The Local Beat
BY WILL DOBBS-ALLSOPP
Traditional print journalism may be on the decline, but celebrity journalism is in vogue. In the last few months, electoral augur Nate Silver and Wonkblog guru Ezra Klein have each launched highly anticipated sites. This summer, former New York Times executive editor Bill Keller and Pulitzer-prize winning journalist David Leonhardt are rolling out two more non-traditional news operations. Yet the most important media experiment of the year may well be the recent merger between online news site The Beacon and St. Louis NPR affiliate STLPR, two St. Louis news organizations lacking any semblance of a national brand.
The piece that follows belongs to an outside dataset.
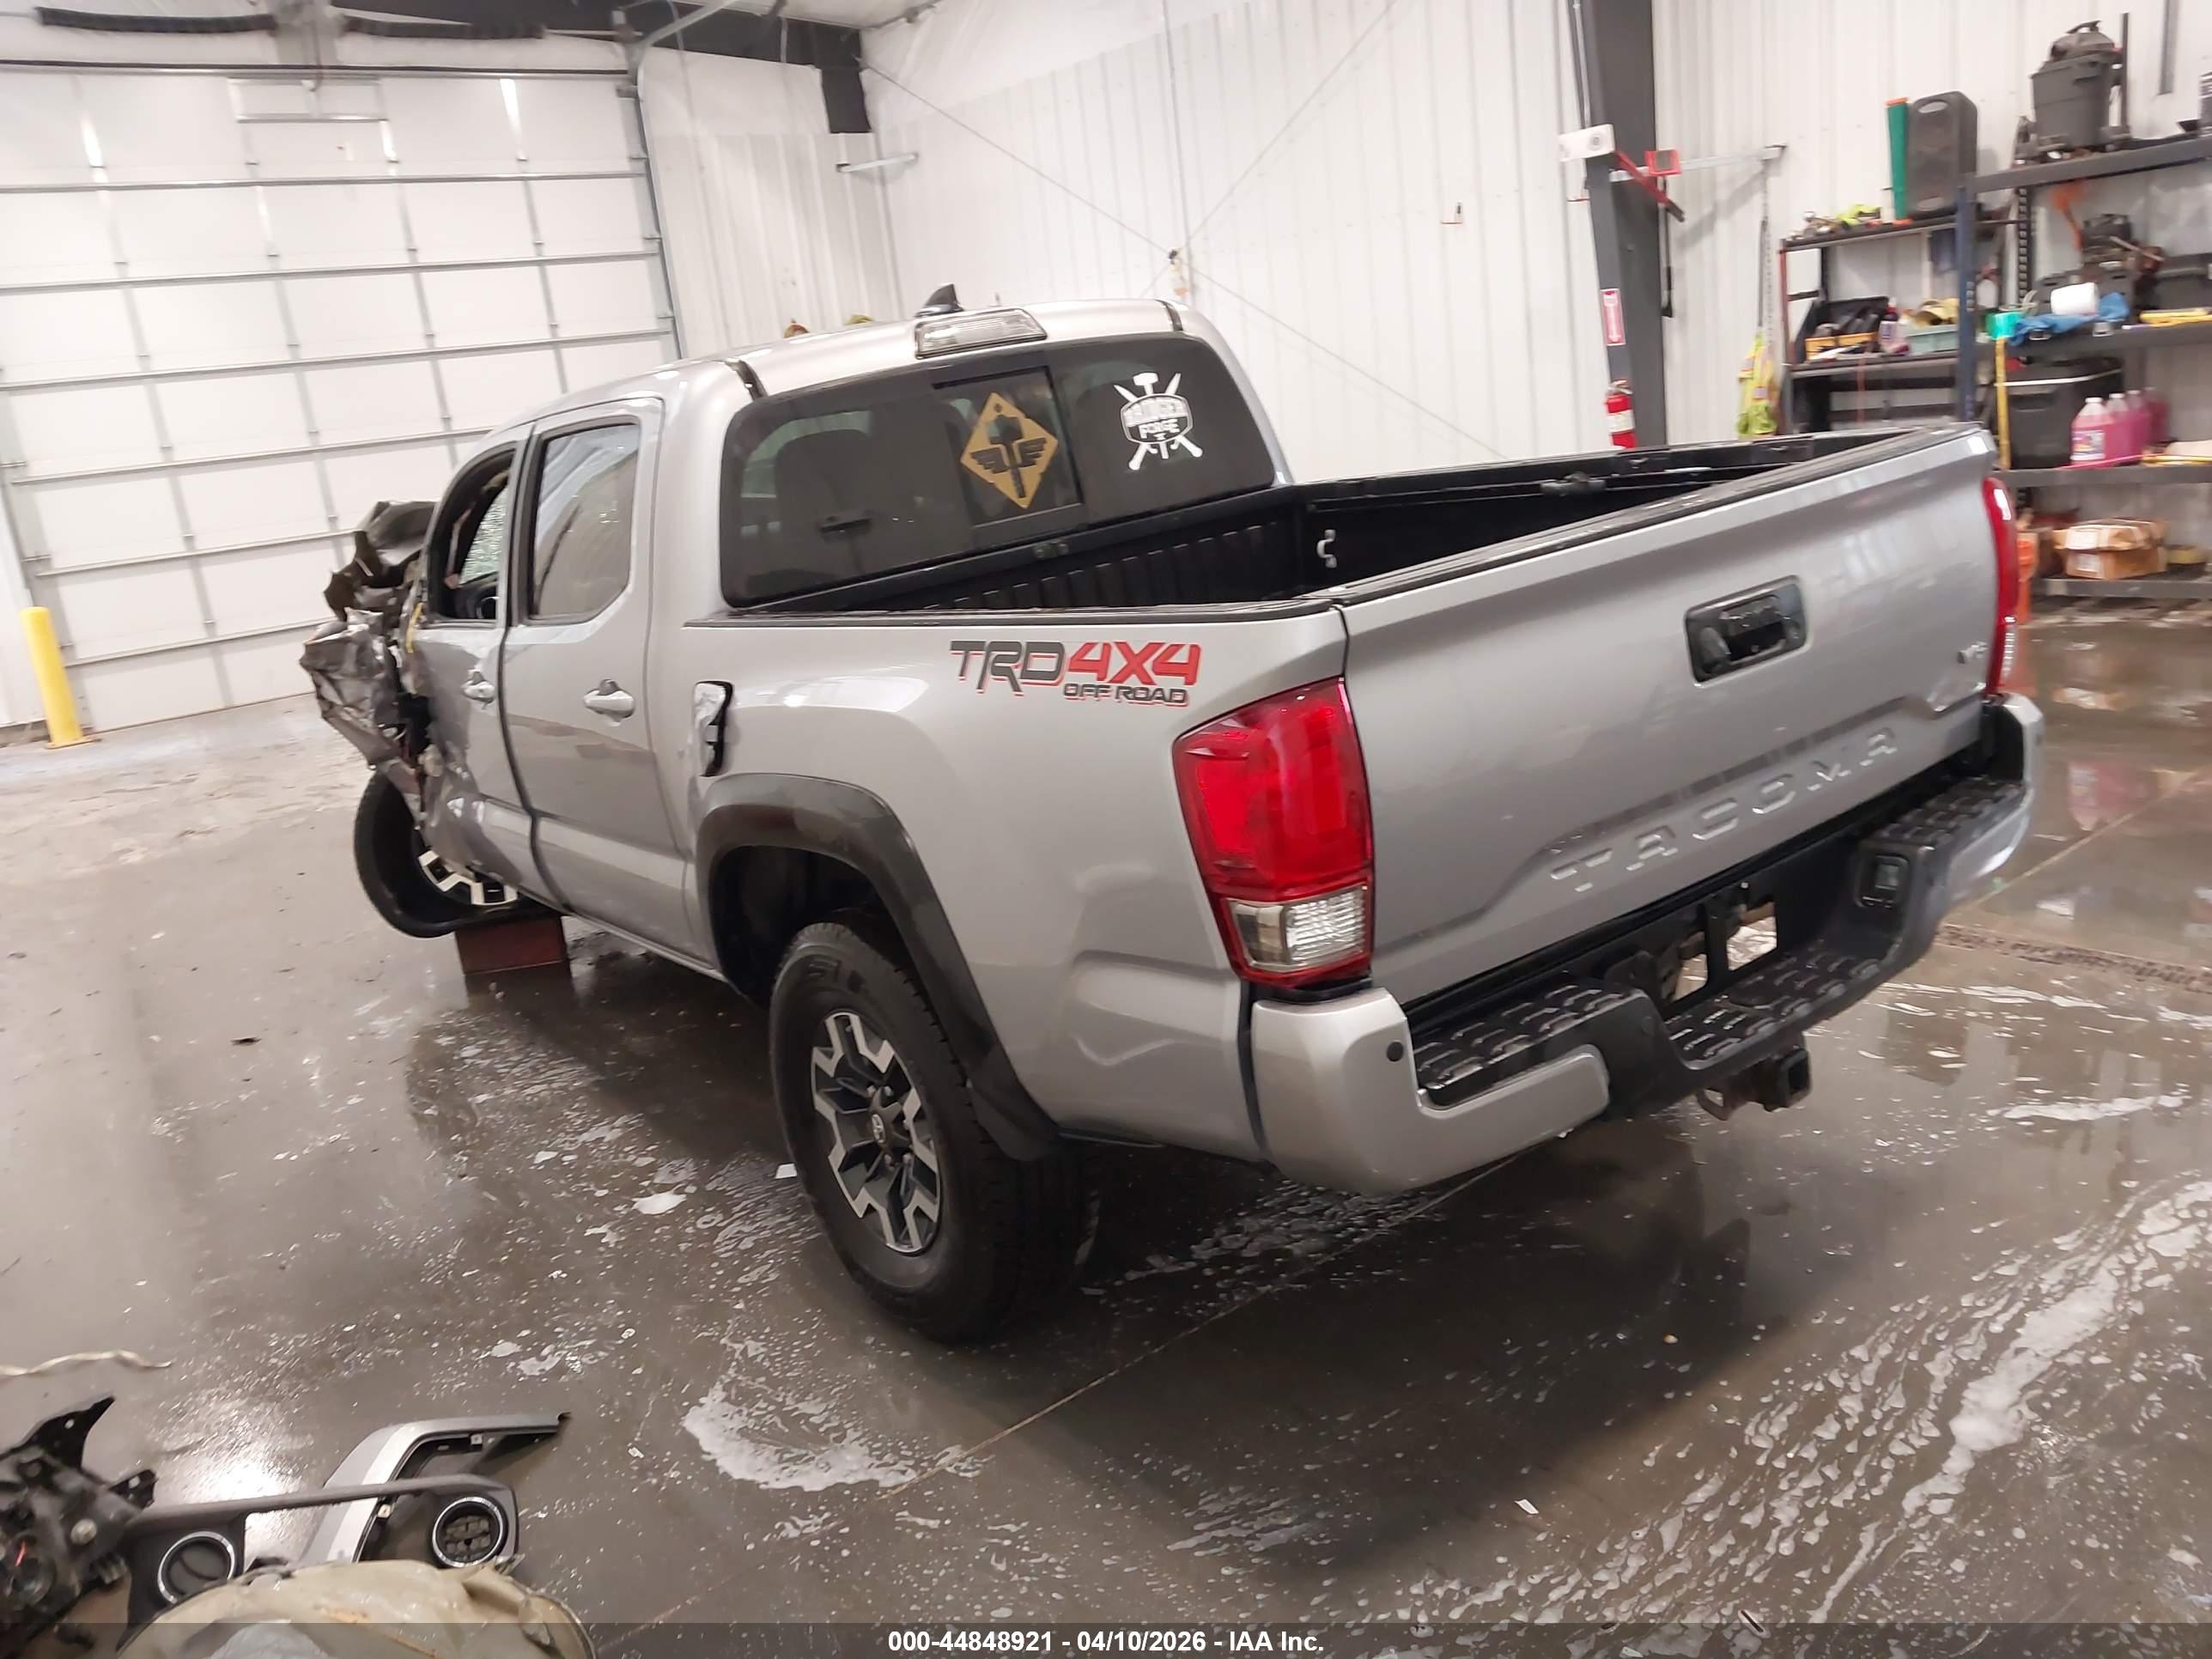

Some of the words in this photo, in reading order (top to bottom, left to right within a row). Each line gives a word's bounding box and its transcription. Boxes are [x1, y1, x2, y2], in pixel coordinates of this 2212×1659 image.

The Beacon was the progeny of print media’s decline. A group of former St. Louis Post-Dispatch reporters and editors – either laid-off or bought-out as the paper cut costs amid falling circulation numbers and advertising sales – launched the online publication in 2008. All too familiar with the challenges of sustaining traditional revenue streams, The Beacon’s founders decided to operate as a non-profit organization by soliciting contributions from philanthropists in the greater St. Louis area. Throughout its nearly six-year existence the site provided its reporters with a platform to continue their coverage of local stories, even as the city’s storied daily shrank its reporting efforts.
In late 2012, however, the site’s leadership began thinking about making a change. The Beacon had recently cooperated on a few projects with St. Louis Public Radio (STLPR), owned by the University of Missouri-St. Louis. Beacon editor Margaret Freivogel and STLPR General Manager Tim Eby quickly realized that their organizations were far more effective as partners than as competitors, largely because The Beacon and STLPR shared both a business model and a vision: they were non-profit ventures that saw local reporting as a vital public service. Drawing inspiration from a proposed partnership between the University of New Orleans and NPR that never came to pass, Freivogel and Eby started talking about a merger. A short year later on December 10, 2013, having received a favorable report from a media consultant and approval from the UM Board of Curators, the two organizations officially became one.
The merged organization, operating under the St. Louis Public Radio name, now has a fully integrated newsroom and employs around 60 staffers. Freivogel leads the news section while Eby remains in charge of the overall operation. Naturally, there have been growing pains. Print journalists and editors have had to adapt their craft to a broadcasting format and vice-versa. And everyone is still adjusting to a world where as many articles are read on smart phones as on computers. But it is clear that with the addition of The Beacon’s experienced reporting corps, STLPR will bring a much-needed boost to the city’s diminished media presence.
STLPR’s online presence, however, leaves much to be desired. As was true of The Beacon, the need to avoid the enormous costs of print, as opposed to any innovative vision for how the Internet can augment news consumption, dictates STLPR’s decision to publish online. As a result, the site offers little more than conventional articles supplemented with the occasional radio clip. One would hope that an exclusively digital publication would make the most of the chance to pioneer creative storytelling platforms but, alas, such is not the case.
This is a forgivable banality, however, because STLPR’s true potential lies in the creation of a sustainable business model for local journalism. One of the underappreciated tragedies of print media’s decline is the damage that it has wrought on local newsgathering efforts. Journalism’s migration to the web has promulgated the illusion that geography is now irrelevant, that worldwide accessibility to nytimes.com can compensate for the loss of Denver’s Rocky Mountain News. It can’t.
Local news relies on a persistent focus on the community, and that is exactly what the revamped STLPR offers. Its non-profit model appears to provide a feasible alternative to the ailing print-advertising scheme. Though both STLPR and The Beacon relied on philanthropic contributions, they drew from largely distinct donor bases: STLPR had a large network of small donors, while The Beacon relied on a tight group of affluent philanthropists. As a result, the merger hasn’t resulted in a significant donor overlap. Indeed, STLPR has already raised $3 million of its target $5 million to cover the cost of integration. If successful, St. Louis’s merger could provide a feasible model that can be applied to other cities with struggling print media. Local NPR affiliates could partner with experienced journalists and begin to rebuild local new networks in cities across the country. More than Vox.com or FiveThirtyEight, the STLPR-Beacon merger has the potential to radically alter the domestic news landscape. Watch closely.